**Problem**
The entire listing below should be output exactly as it stands.

**Input material**
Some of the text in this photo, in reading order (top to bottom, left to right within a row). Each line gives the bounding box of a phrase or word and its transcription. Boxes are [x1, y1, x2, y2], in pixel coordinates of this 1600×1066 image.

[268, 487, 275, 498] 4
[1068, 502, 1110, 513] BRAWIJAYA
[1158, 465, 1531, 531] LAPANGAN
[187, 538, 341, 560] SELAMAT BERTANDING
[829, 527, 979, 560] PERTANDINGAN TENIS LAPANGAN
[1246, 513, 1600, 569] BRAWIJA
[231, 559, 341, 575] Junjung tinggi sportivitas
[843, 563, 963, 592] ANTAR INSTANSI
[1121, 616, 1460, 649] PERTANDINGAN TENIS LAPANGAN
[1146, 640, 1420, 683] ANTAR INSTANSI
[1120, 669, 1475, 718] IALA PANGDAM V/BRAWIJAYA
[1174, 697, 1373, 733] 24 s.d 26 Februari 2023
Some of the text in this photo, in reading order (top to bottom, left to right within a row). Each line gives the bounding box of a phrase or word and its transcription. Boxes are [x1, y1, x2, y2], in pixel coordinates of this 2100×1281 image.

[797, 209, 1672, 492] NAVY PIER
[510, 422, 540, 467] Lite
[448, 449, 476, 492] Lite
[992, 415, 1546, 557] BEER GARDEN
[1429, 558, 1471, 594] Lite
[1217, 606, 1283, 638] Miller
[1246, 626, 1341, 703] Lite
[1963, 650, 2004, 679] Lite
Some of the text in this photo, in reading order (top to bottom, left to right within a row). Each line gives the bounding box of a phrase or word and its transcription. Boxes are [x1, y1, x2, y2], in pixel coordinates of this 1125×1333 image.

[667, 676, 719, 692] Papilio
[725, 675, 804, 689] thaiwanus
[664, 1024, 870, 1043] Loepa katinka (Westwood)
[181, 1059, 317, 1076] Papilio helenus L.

**Written response**
Some of the text in this photo, in reading order (top to bottom, left to right within a row). Each line gives the bounding box of a phrase or word and its transcription. Boxes are [x1, y1, x2, y2], in pixel coordinates of this 1600×1066 image.

[268, 487, 275, 498] 4
[1068, 502, 1110, 513] BRAWIJAYA
[1158, 465, 1531, 531] LAPANGAN
[187, 538, 341, 560] SELAMAT BERTANDING
[829, 527, 979, 560] PERTANDINGAN TENIS LAPANGAN
[1246, 513, 1600, 569] BRAWIJA
[231, 559, 341, 575] Junjung tinggi sportivitas
[843, 563, 963, 592] ANTAR INSTANSI
[1121, 616, 1460, 649] PERTANDINGAN TENIS LAPANGAN
[1146, 640, 1420, 683] ANTAR INSTANSI
[1120, 669, 1475, 718] IALA PANGDAM V/BRAWIJAYA
[1174, 697, 1373, 733] 24 s.d 26 Februari 2023
Some of the text in this photo, in reading order (top to bottom, left to right within a row). Each line gives the bounding box of a phrase or word and its transcription. Boxes are [x1, y1, x2, y2], in pixel coordinates of this 2100×1281 image.

[797, 209, 1672, 492] NAVY PIER
[510, 422, 540, 467] Lite
[448, 449, 476, 492] Lite
[992, 415, 1546, 557] BEER GARDEN
[1429, 558, 1471, 594] Lite
[1217, 606, 1283, 638] Miller
[1246, 626, 1341, 703] Lite
[1963, 650, 2004, 679] Lite
Some of the text in this photo, in reading order (top to bottom, left to right within a row). Each line gives the bounding box of a phrase or word and its transcription. Boxes are [x1, y1, x2, y2], in pixel coordinates of this 1125×1333 image.

[667, 676, 719, 692] Papilio
[725, 675, 804, 689] thaiwanus
[664, 1024, 870, 1043] Loepa katinka (Westwood)
[181, 1059, 317, 1076] Papilio helenus L.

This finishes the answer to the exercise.